DI BELLA DJ* CO-PRIMER AUTOR; CARCAGNO AL* CO-PRIMER AUTOR; BARTOLOMEU ML; PARDI MB; LÖHR H; SIEGEL N; HAMMERSCHMIDT M; MARIN-BURGUIN A; LANUZA GM

Cell Reports

Elsevier

Lugar: Amsterdam; Año: 2019 vol. 28 p. 2264 - 2274

2211-1247

The generation of neuronal cell types at the right time, location and number is essential for building a functional nervous system. Significant progress has been reached in understanding the genetic mechanisms that govern neuronal diversity. CerebroSpinal Fluid-contacting Neurons (CSF-cNs), an intriguing specialized population of the spinal cord central canal, are produced during advanced developmental stages, simultaneous with glial and ependymal cells. It is unknown how late-born CSF-cNs are specified and how progenitors acquire neuronal potential after the neurogenic-to-gliogenic switch.

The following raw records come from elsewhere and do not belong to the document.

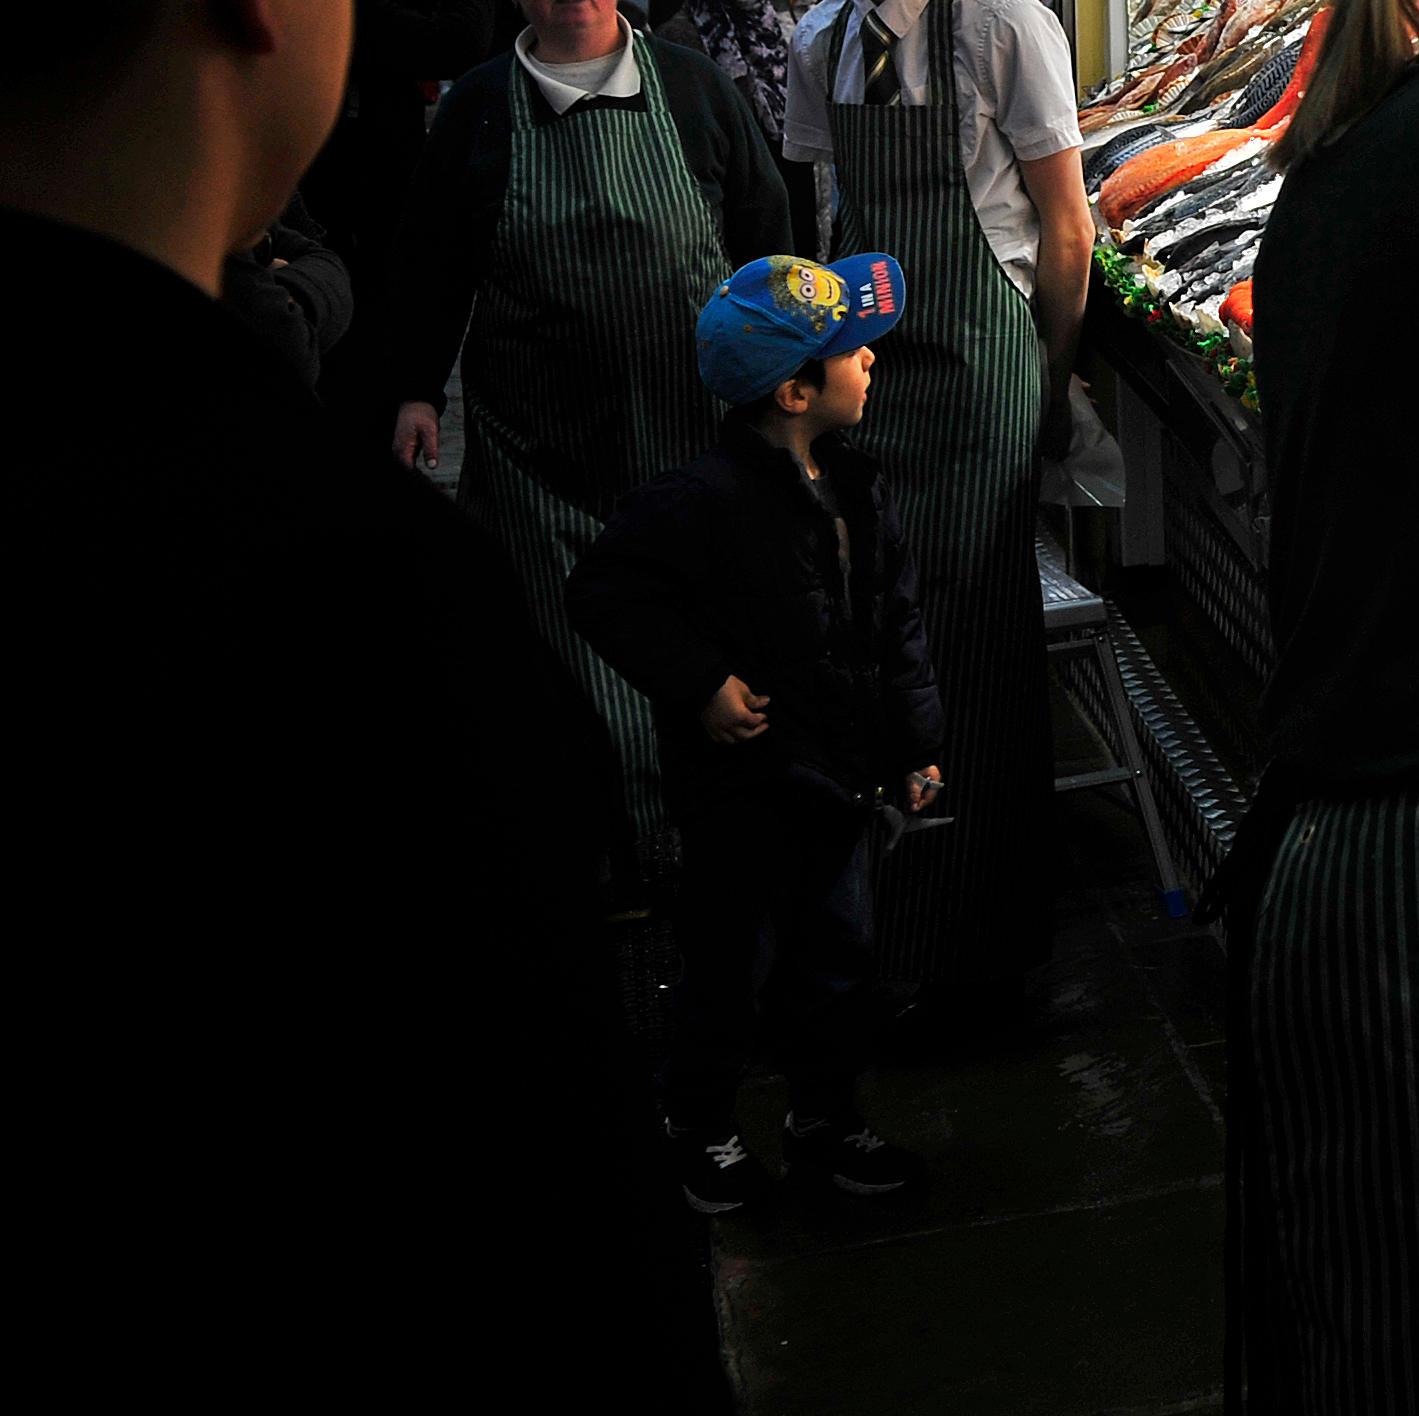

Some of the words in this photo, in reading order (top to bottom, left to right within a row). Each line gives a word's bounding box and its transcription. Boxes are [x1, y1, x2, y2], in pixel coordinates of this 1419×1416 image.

[860, 282, 873, 293] A
[870, 261, 896, 315] MINION
[860, 292, 875, 309] IN
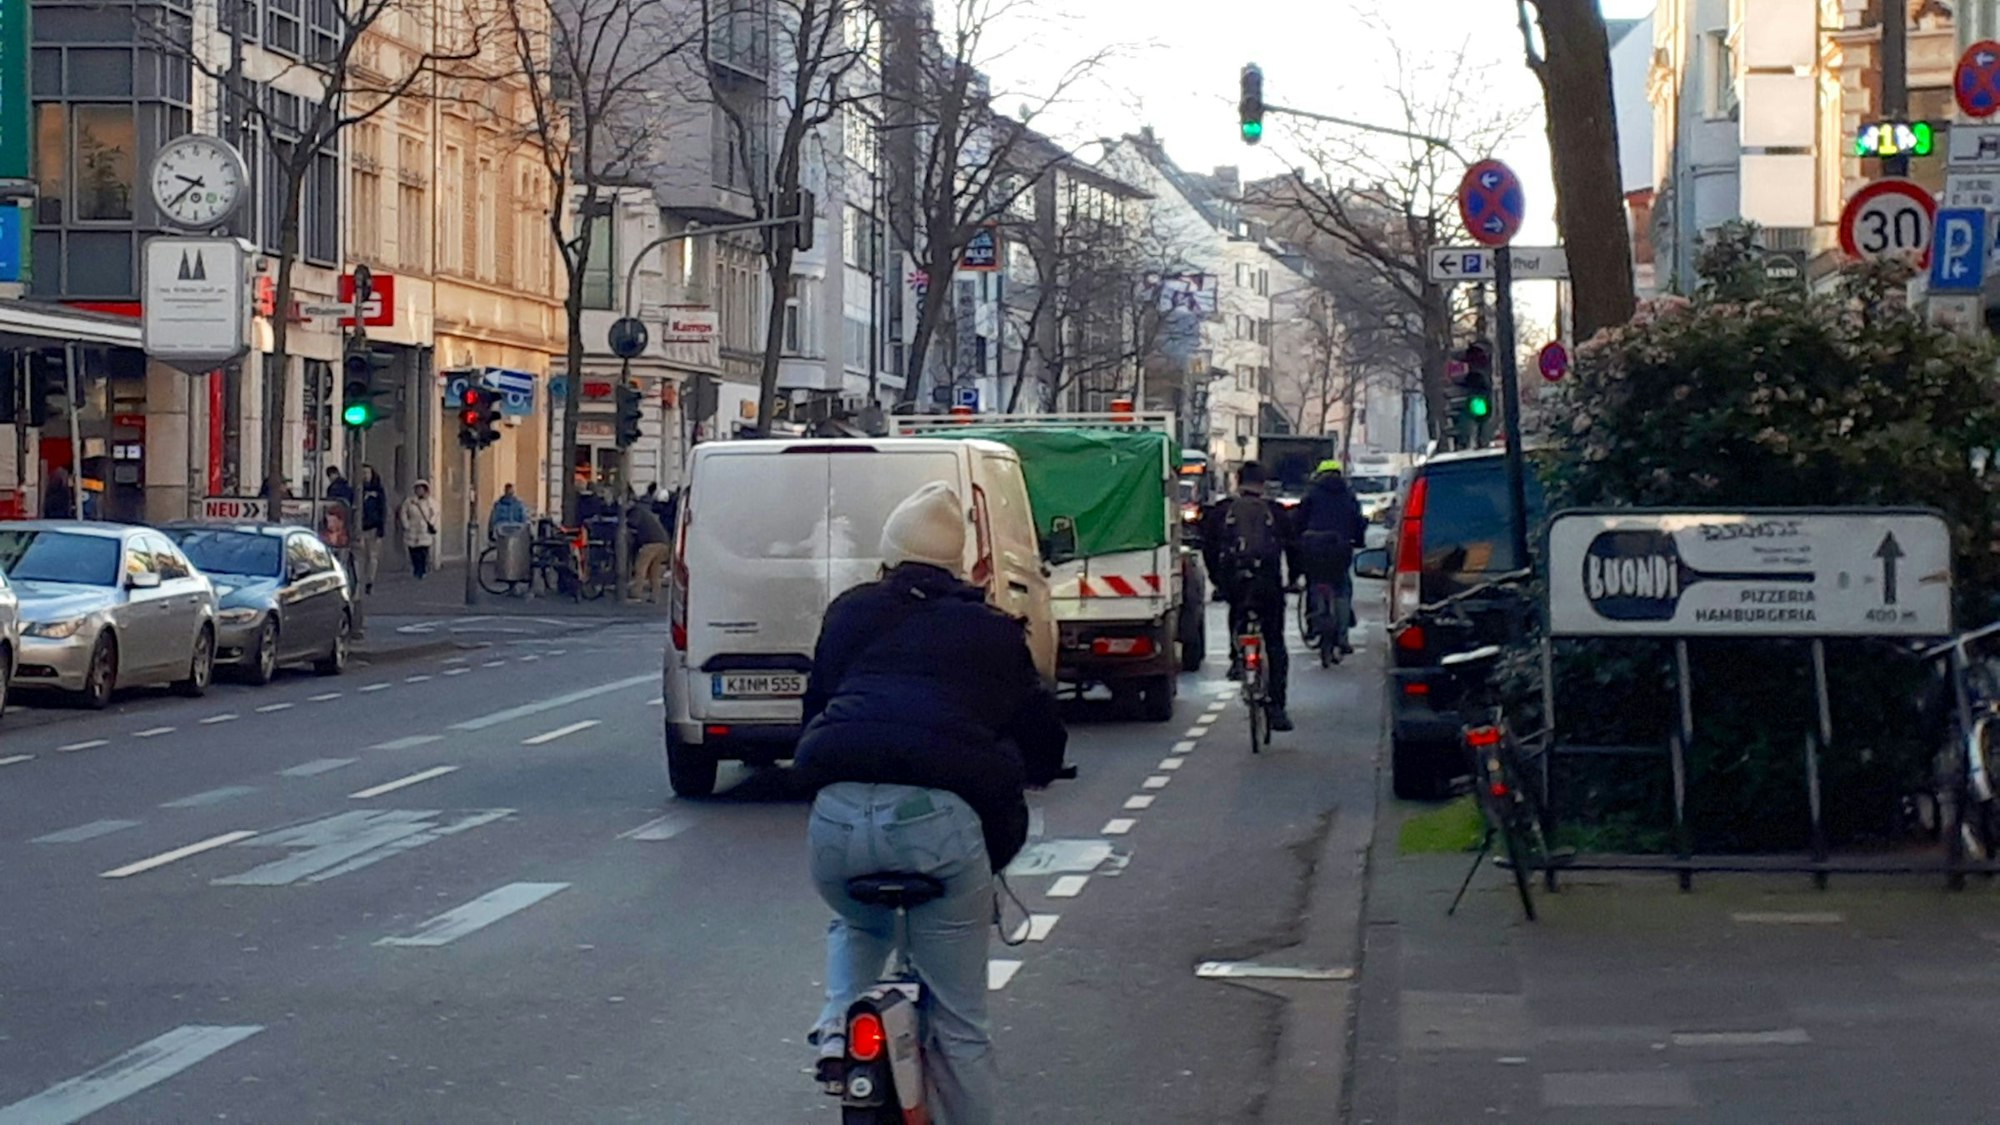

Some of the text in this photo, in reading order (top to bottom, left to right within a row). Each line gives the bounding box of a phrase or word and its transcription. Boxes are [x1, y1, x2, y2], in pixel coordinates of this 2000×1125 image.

[1862, 207, 1922, 252] 30
[1941, 218, 1973, 280] P
[672, 320, 713, 332] Kamps
[206, 502, 239, 517] NEU
[1741, 589, 1815, 603] PIZZERIA
[1696, 608, 1817, 622] HAMBURGERIA
[1865, 608, 1898, 622] 400
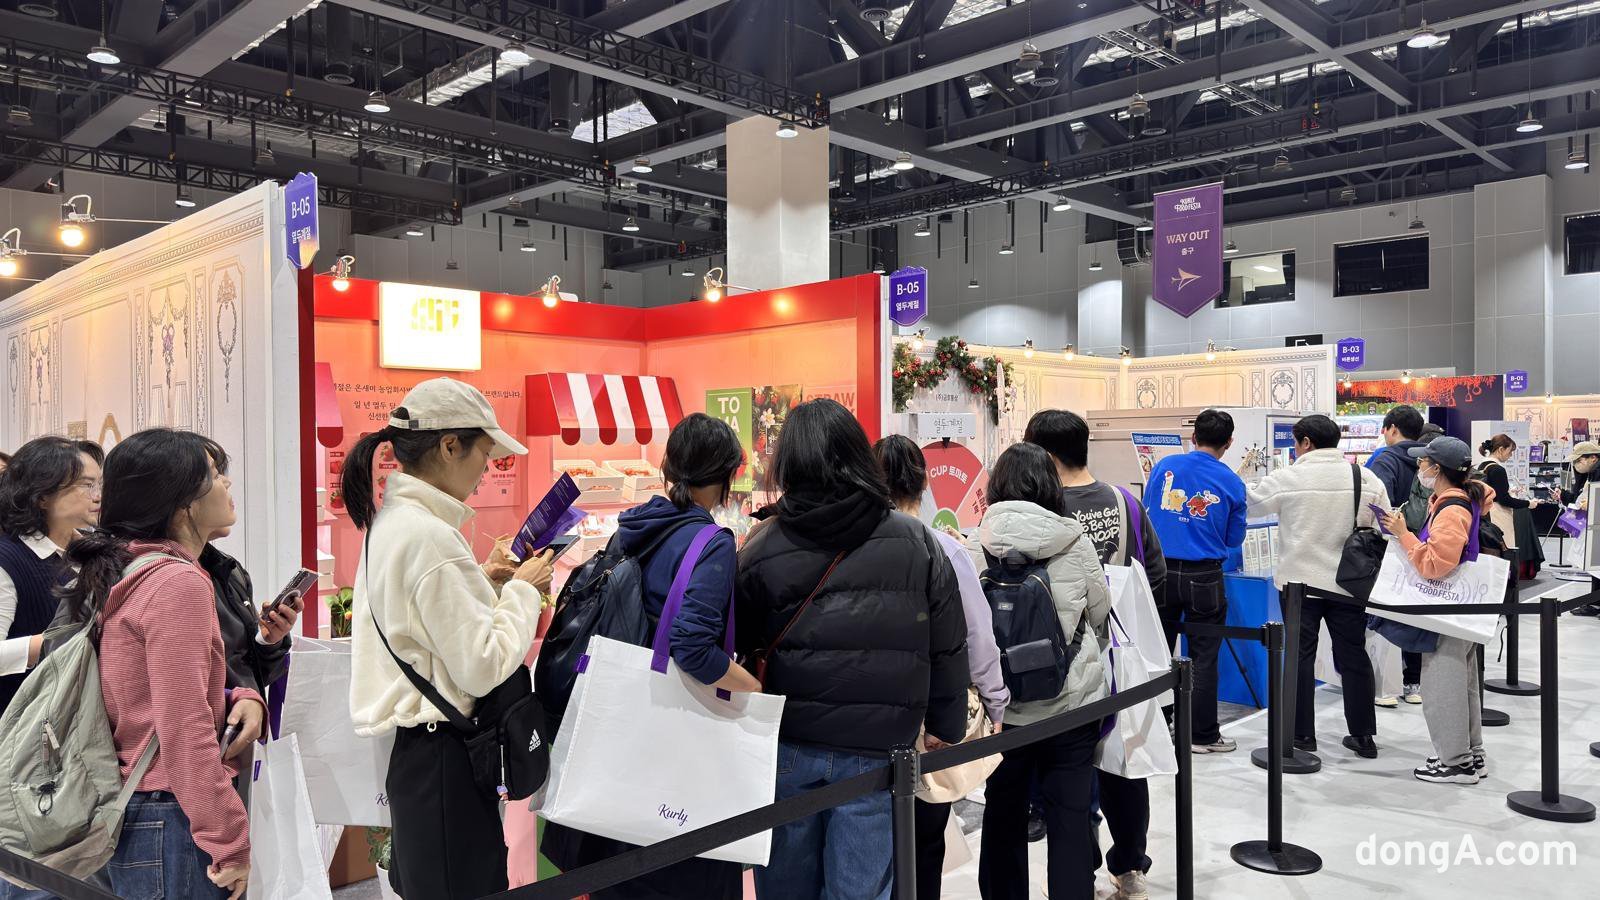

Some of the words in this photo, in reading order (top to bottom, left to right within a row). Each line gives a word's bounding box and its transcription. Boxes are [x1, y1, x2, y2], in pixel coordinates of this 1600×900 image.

Here, we identified that delayed expression of the transcription factor Ascl1 in mouse spinal progenitors during the gliogenic phase is key in CSF-cN differentiation. With fate mappings and time-controlled deletions, we demonstrate that CSF-cNs derive from Ascl1-expressing cells and that Ascl1 triggers late neurogenesis in the amniote spinal cord. Abrogation of Ascl1 transforms prospective CSF-cN progenitors into ependymocytes. These results demonstrate that late spinal progenitors have the potential to produce neurons and that Ascl1 initiates CSF-cN differentiation, controlling the precise neuronal and non-neuronal composition of the spinal cord central canal.